In the New York Times’ account of President Bush’s new healthcare proposal this weekend, I noticed this sentence:

The cap would rise with some measure of overall inflation, but would not necessarily keep pace with the costs of medical care and health insurance.

The “cap” (actually a tax deduction) is $15,000 per family. Above that level, employees would have to declare the value of the insurance they receive from their employer as income and pay taxes on it. Today this has only a small effect since very few health plans are worth more than $15,000 per family. But medical costs are growing faster than overall costs, so eventually this will have a big impact.

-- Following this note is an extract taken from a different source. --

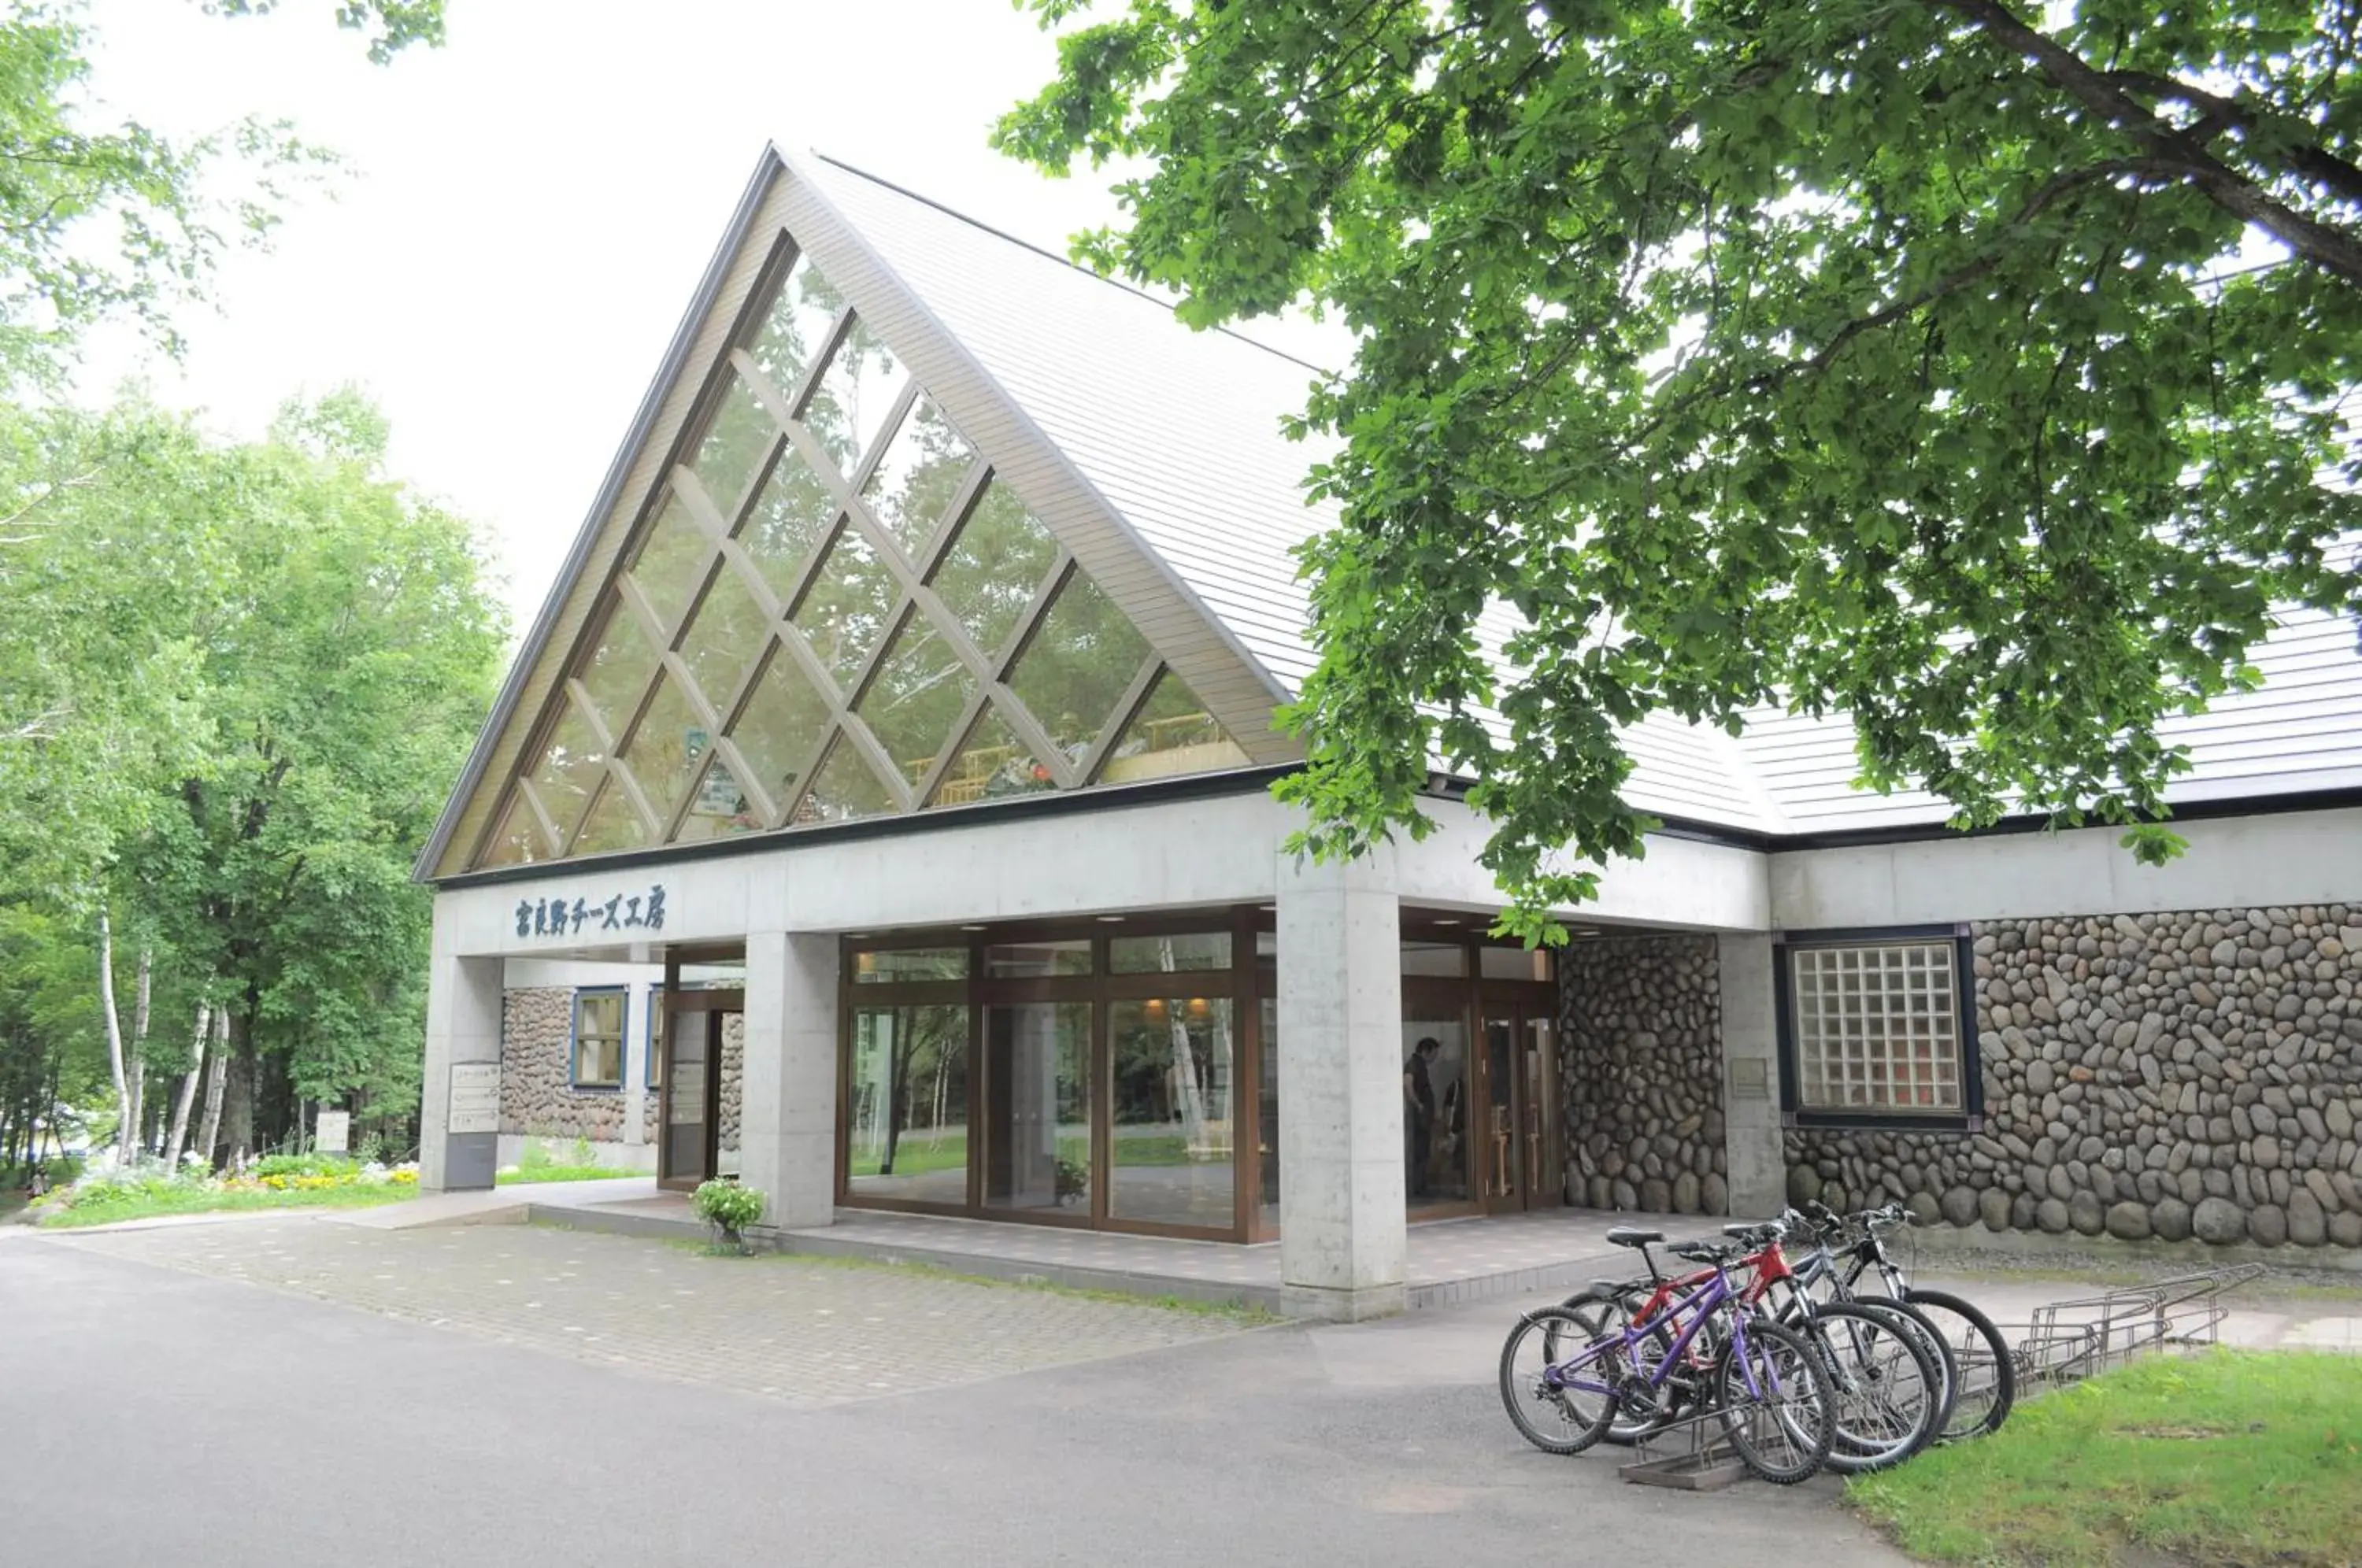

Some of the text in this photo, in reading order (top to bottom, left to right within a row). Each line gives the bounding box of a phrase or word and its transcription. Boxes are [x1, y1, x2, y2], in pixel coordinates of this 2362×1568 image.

[516, 884, 665, 937] 富良野チーズ工房

Brad DeLong explains:

The deduction would indeed worsen the finances of only 20% of those with employer-sponsored coverage in 2009. But it would worsen the finances of about 50% of those with employer-sponsored coverage in 2019. And 90% of those with employer-sponsored coverage by 2030.

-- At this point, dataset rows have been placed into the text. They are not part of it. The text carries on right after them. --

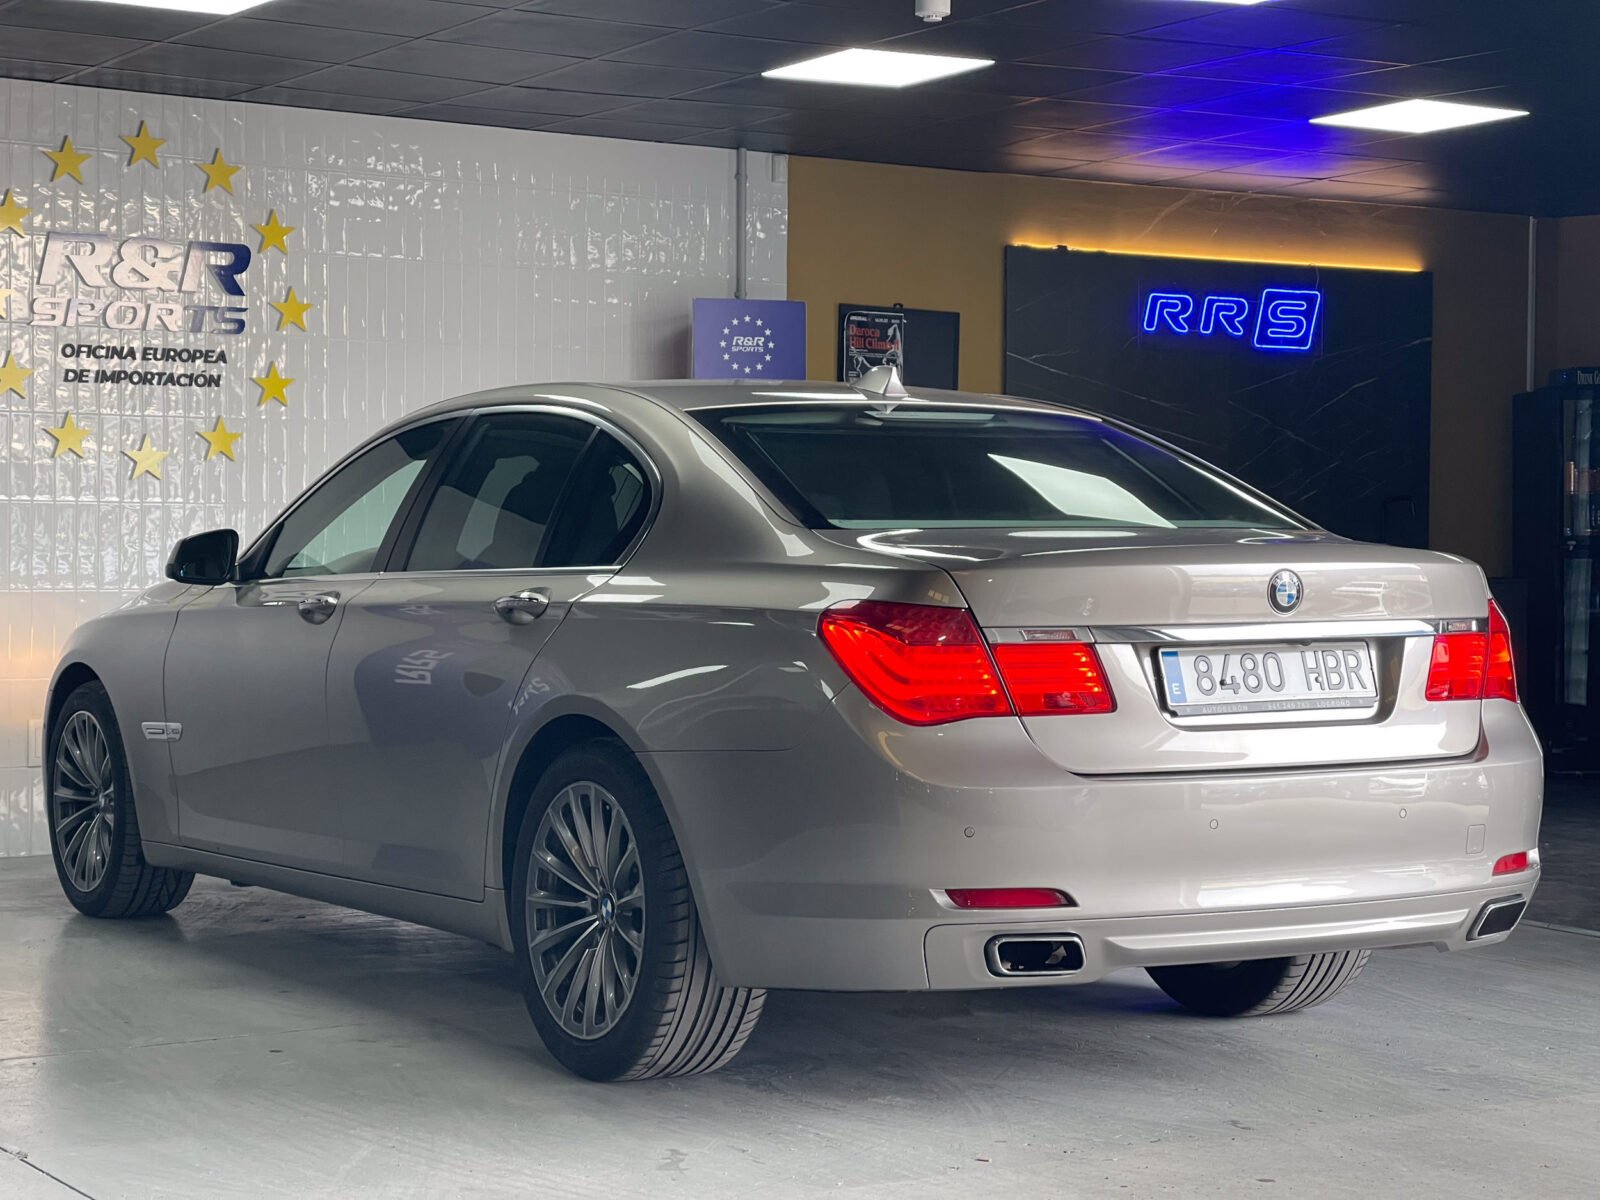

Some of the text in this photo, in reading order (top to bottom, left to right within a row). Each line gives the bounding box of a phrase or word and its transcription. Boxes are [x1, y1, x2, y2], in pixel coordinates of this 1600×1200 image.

[37, 231, 251, 296] R&R
[28, 297, 249, 335] SPORTS
[1144, 292, 1308, 339] RRS
[732, 336, 765, 346] R&R
[849, 324, 880, 337] Daroca
[61, 343, 228, 364] OFICINA EUROPEA
[63, 369, 222, 388] DE IMPORTACIÓN
[1193, 649, 1368, 697] 8480 HBR
[1172, 683, 1182, 695] E

In a sense, this doesn’t matter because congressional Democrats are unlikely to spend much time on Bush’s plan. It’s DOA. But it does give you some insight into what Bush is really after. If his goals were what he says they are, he’d propose indexing the cap to the rise in medical costs. It’s a healthcare plan, after all, and there’s no reason to index a healthcare plan to the overall CPI. The fact that he didn’t demonstrates that what he really wants to do is make it less and less attractive over time for employers to offer decent healthcare plans to their employees. It slowly but surely reinforces the already growing trend for employers to cut back or eliminate their healthcare plans and replace them with cheaper conservative nostrums like HSAs and high-deductability policies.

And you’ll hardly even notice it’s happening. Which is, of course, the whole idea.

UPDATE: Changes made to the fourth paragraph to (hopefully) make things clearer.